Scegliere di scrivere un romanzo con più voci può essere nello stesso tempo una scelta facile e difficile: perché ha scelto questa maniera di scrivere?
     Anche nel mio primo libro c’erano diverse voci narranti e, dopo averlo finito, avevo giurato a me stesso che non lo avrei fatto mai più. E’ difficile trovare dentro di sé cinque o sei voci diverse, essere diverso ogni volta. All’inizio, in questo libro c’era solo un narratore in terza persona ma, dopo una trentina di pagine, i personaggi si sono ribellati. Non avrei proprio voluto che succedesse. I vantaggi sono che ti svegli al mattino e decidi, ‘parto per il Sud America’ e scrivi con quella voce, oppure ‘sono una fotografa’…Ma ho dovuto fare molte ricerche- ad esempio, come parla ebraico un arabo? Mi sono munito di registratore e ho registrato arabi che parlavano per capire come costruissero le frasi . In un senso più profondo queste voci mi permettono di mostrare al lettore- e a me stesso- più di una verità: lo stesso evento si può vedere in molte maniere, come nel film “Rashomon” di Kurosawa.

Ha parlato della difficoltà nel dare una voce all’arabo Saddiq, quali sono stati i problemi nel rendere le altre voci? C’è una voce in cui può più facilmente riconoscere se stesso?
    Stranamente è stato facile essere il bambino Yotam, anche se io non ho perso un fratello e sono il più grande in famiglia. Eppure era come se avessi un fratellino dentro di me. La voce di Sima, la casalinga, è stata facile: di nuovo, forse avevo questa donna in me. Noa sarebbe dovuta essere facile, perché è un’artista e io insegno alla Academy of Arts, e invece per mesi non riuscivo a scrivere nei suoi panni. Ci sono persone diverse dentro di te e tu non lo sai. In ognuno c’è qualcosa di me. In Saddiq mi trovo per la casa che ha perso, in Amir perché anche io sono stato studente di psicologia e in Modi il viaggiatore perché ho viaggiato molto. Ma non penso che ci sia un personaggio solo che sia me: questo è parte del divertimento dello scrivere. Il libro cresce da una ferita che hai dentro.

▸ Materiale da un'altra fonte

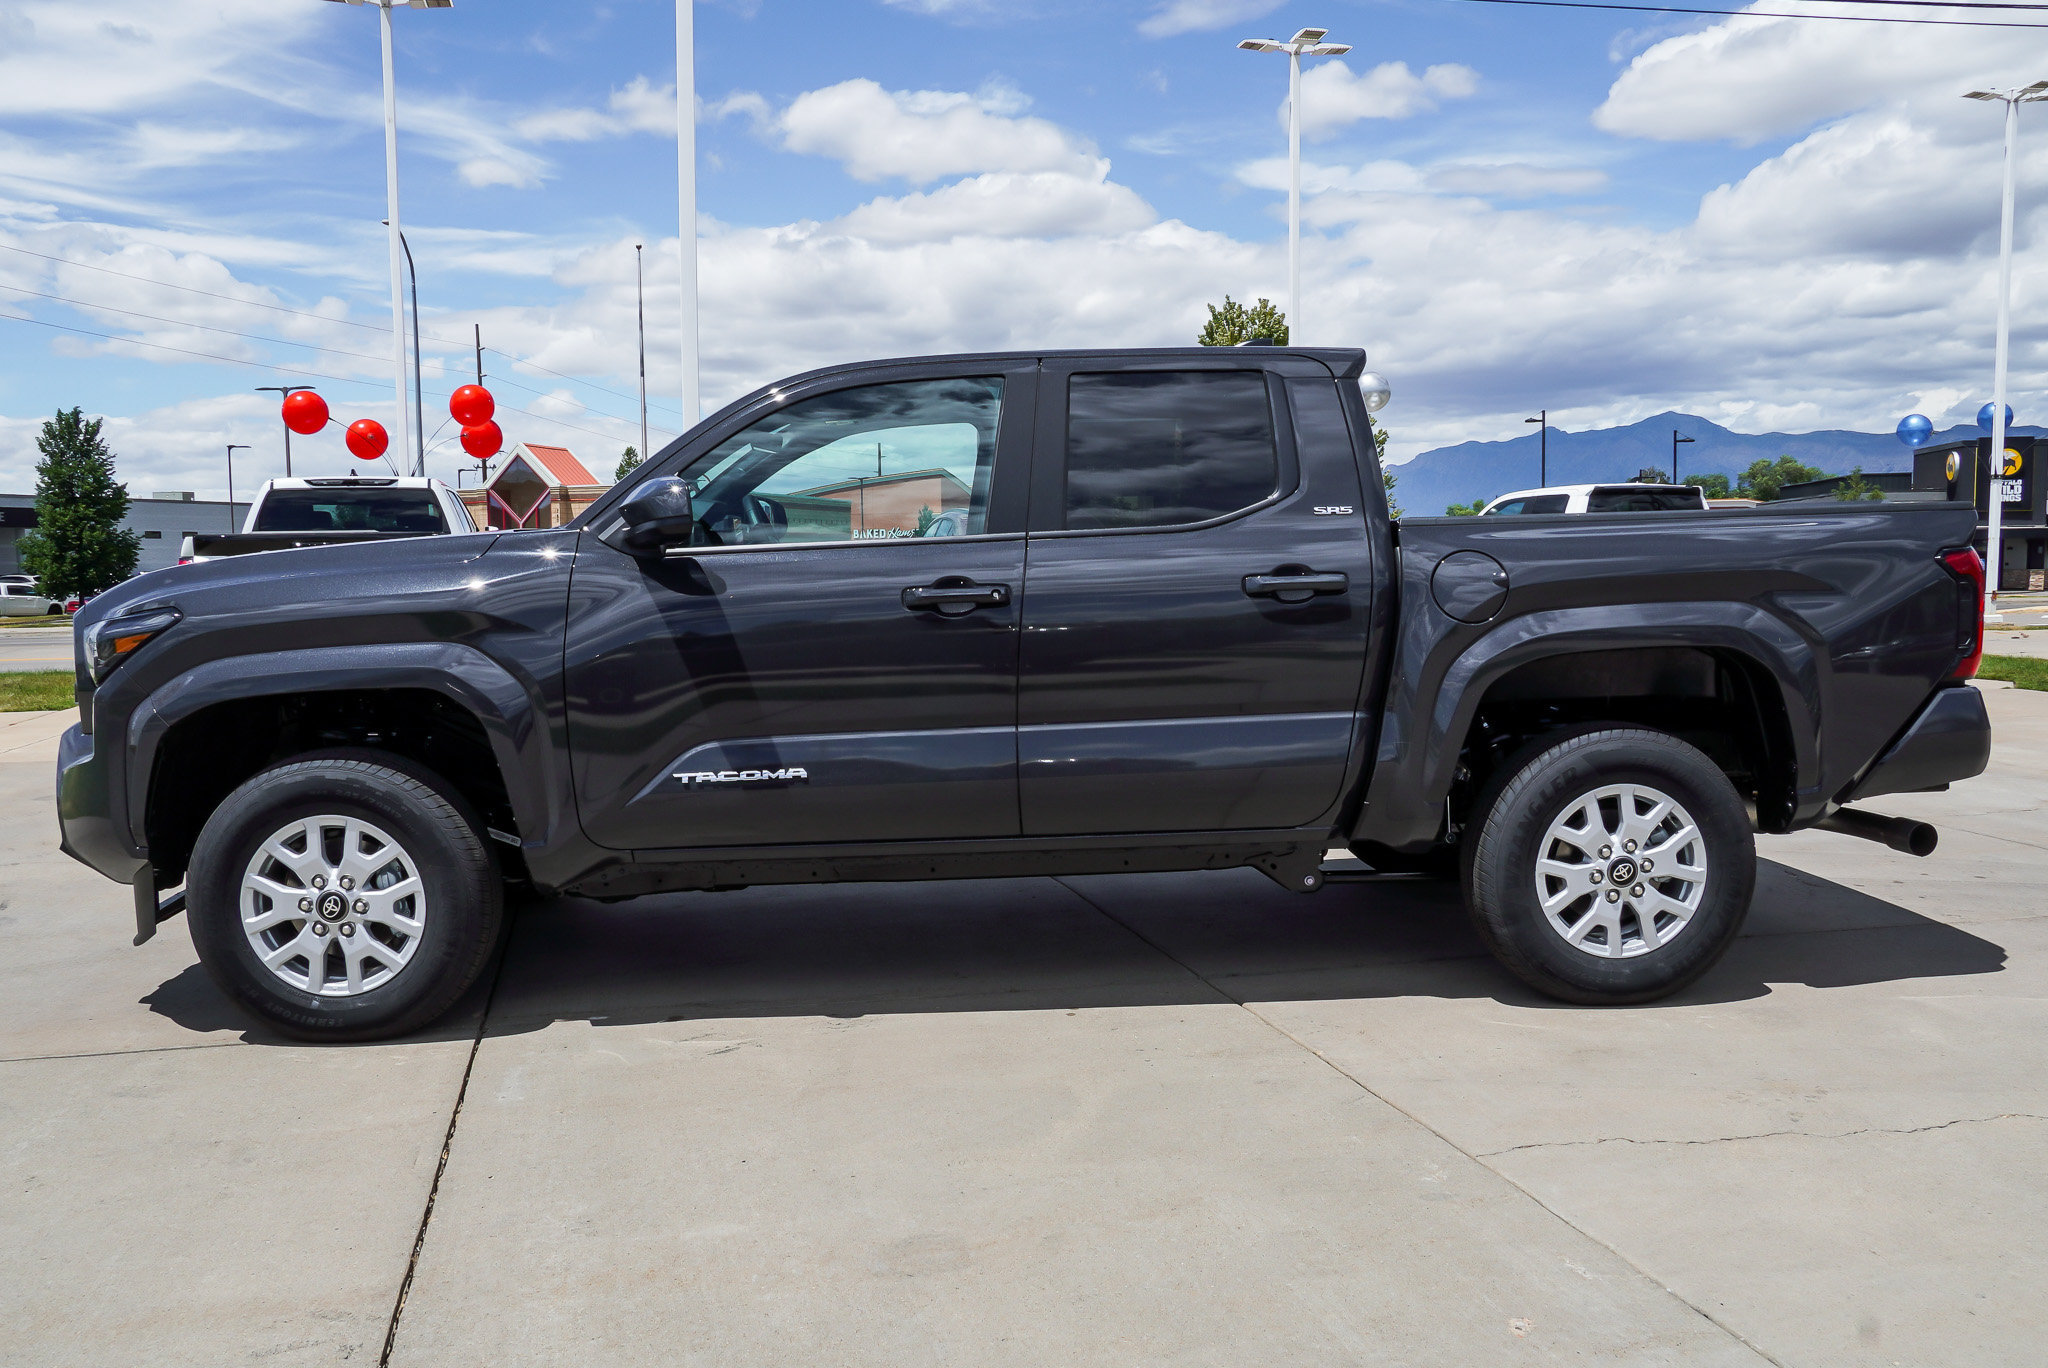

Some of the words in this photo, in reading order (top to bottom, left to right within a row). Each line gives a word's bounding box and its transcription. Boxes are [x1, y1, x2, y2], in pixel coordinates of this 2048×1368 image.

[2002, 485, 2022, 495] ILD
[1313, 505, 1354, 515] SR5
[853, 528, 886, 539] BAKED
[672, 767, 808, 784] TACOMA

La voce più accattivante è quella del piccolo Yotam che piange il fratello e nello stesso tempo vorrebbe attirare l’attenzione dei genitori. E’ anche un libro sulla perdita oltre ad essere un romanzo sulla nostalgia?              

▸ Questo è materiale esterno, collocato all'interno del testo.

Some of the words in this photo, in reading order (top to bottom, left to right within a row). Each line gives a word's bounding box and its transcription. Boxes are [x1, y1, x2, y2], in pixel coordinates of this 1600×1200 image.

    La storia di Yotam è una storia di perdita, la sua nostalgia è più per i genitori così consumati dal dolore. Il problema principale in casa sua è del bambino che chiede attenzione. E’ un libro su una società in cui la morte o la perdita sono una costante che trovi ovunque- nel libro Rabin viene ucciso, questo è significativo. La morte è sempre parte cruciale della vita ed in particolare nel tempo in cui si svolge il romanzo. Alla fine la famiglia di Yotam dice di non sopportare più un luogo così pieno di morte e parte per l’Australia che, nel mio immaginario, è l’opposto di Israele. Certamente il libro è su una società che vive nell’ombra della morte.

In apparenza il romanzo è una storia d’amore, ma la morte del fratello di Yotam e l’arabo Saddiq che è gettato in prigione ne fanno anche un romanzo sulla guerra senza fine che dura da mezzo secolo. Mi pare che, in paragone ad altri romanzi israeliani, la novità sia nel riconoscere i diritti dei palestinesi defraudati delle loro abitazioni da parte degli israeliani. E’ un riconoscimento avvenuto in tempi recenti?
     “Nostalgia” è forse il primo libro in cui il problema si presenta in maniera centrale e per voce di un arabo, altri romanzi ne parlano come di una questione secondaria. Per questo “Nostalgia” è ancora provocatorio in Israele. La storia ufficiale non riconosce ancora la Naqba, la “catastrofe” dell’espulsione dei palestinesi nel 1948, perché si teme che i palestinesi avanzino richieste. 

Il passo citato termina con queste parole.